It’s been a while. I feel like before I write about anything I should update about my dad. After the surgery I was so drained that I didn’t feel like writing. But the good news is, everything went well! It was a long surgery. Grandma and I were there waiting for maybe six hours before we heard anything, and Grandma grew increasingly nervous. “I have a bad feeling. It shouldn’t take this long.” “It look a long time last surgery,” I pointed out. “Not this long.”

But Dad is okay! Our badass Norwegian neurosurgeon, whose first name is Thorer (I know. I. KNOW.) said everything went really well. Both tumors came out, and when we finally came in to talk to Dad, he was sensical and cognizant and all there. It’s hard to explain the relief that comes with knowing that the bad stuff got removed from the brain and yet the good stuff is still there. I so often wonder about the holes. They must fill in eventually…but it’s odd to think of our grey matter as rearranging around foreign objects, then getting used to their absence. 

My dad’s mind was all there immediately, which was a relief, but his body is a taking a bit longer to recover, especially his left leg. He is out of the hospital now and able to walk with a walker. Recovery is slow, so we postponed our Scotland trip to 2014 which is a relief and so sensical. Dad needs this time to heal and, as it turned out, I need this time to sink into summer life with my new housemate Pumpkin. 

Pumpkin is my friend’s older sister, and even though I’ve spent far less time with her, we clicked instantly because I already knew her sister and that bloodline and I get along, apparently. She is in love, she smokes on the porch, and she reminds me why having the a great roommmate makes the mundane so awesome.

This week I worked every night from 3 pm-10:30 or so. And every night I get to come home, sit out on the porch and drink wine or whiskey, play my ukulele, watch Pumpkin’s cigarette smoke billow outside the halo of our porch light, and share our thoughts from the day.

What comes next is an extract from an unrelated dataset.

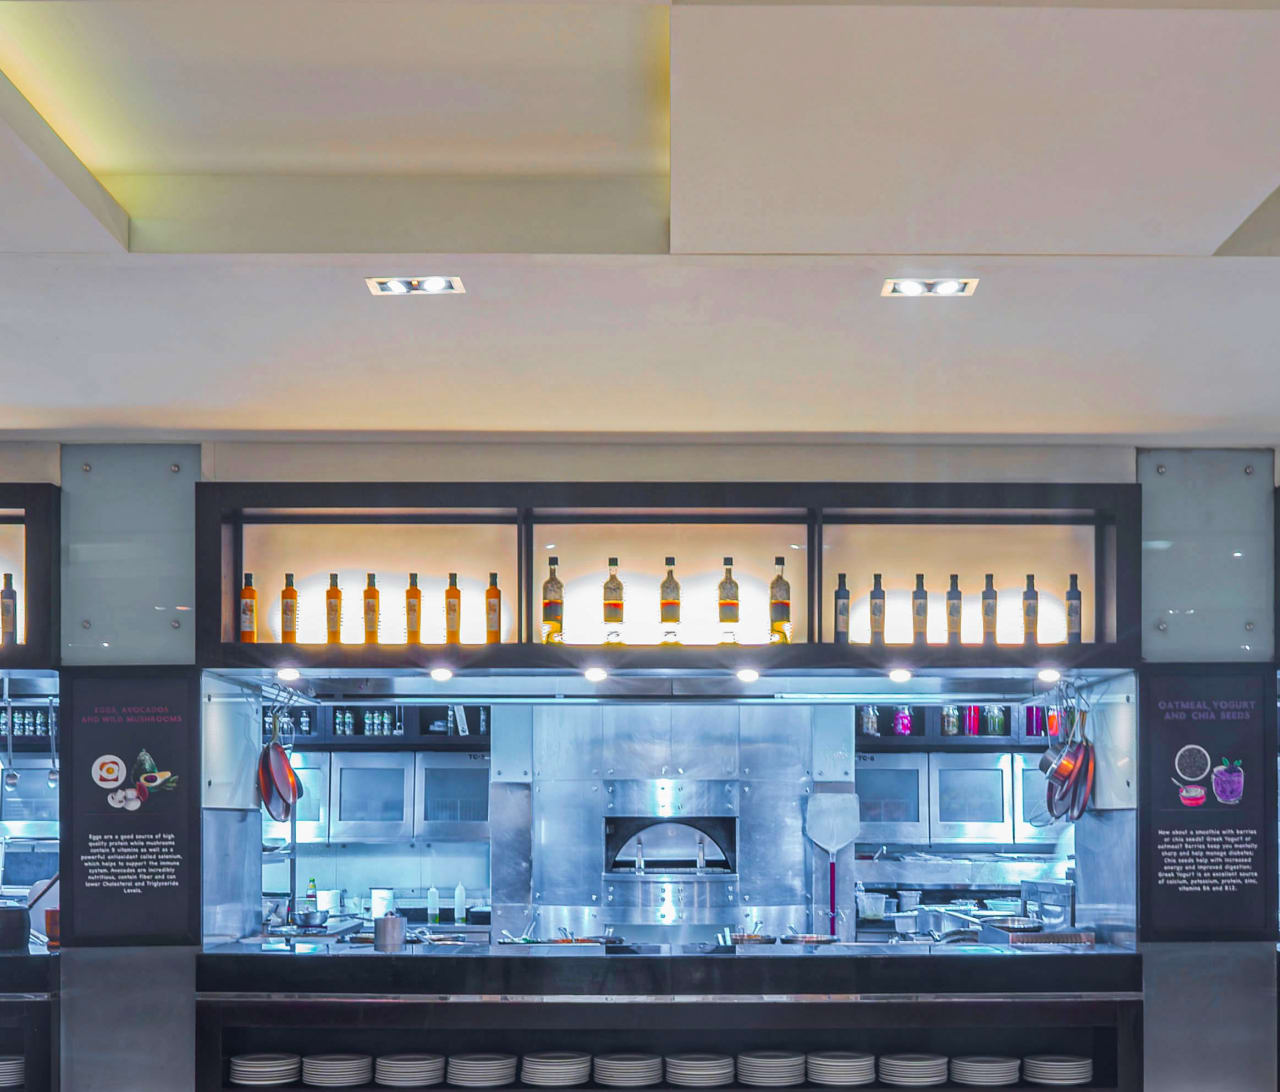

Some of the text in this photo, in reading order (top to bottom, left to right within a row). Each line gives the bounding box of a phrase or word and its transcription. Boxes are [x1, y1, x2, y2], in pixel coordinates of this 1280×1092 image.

It’s more than just this great time with Pumpkin, though. I have finally, finally come to a point where I am able to be happy with what I have and abide in whatever I’m doing, fully and joyfully. I’ve stopped wanting things to be different. Every moment is a good moment. It’s the complete opposite of when I was depressed, when even the good days were bad. Now it’s the opposite. Last weekend I went on a short camping trip out on a nearby lake with a few friends. I was so stoked to go, and while it was a great time, I wasn’t any happier than I was working at the bakery. This wasn’t to say that I was unhappy. I just attained a steady happiness that doesn’t seem to waver whether I’m having an awesome experience or a “mundane” one.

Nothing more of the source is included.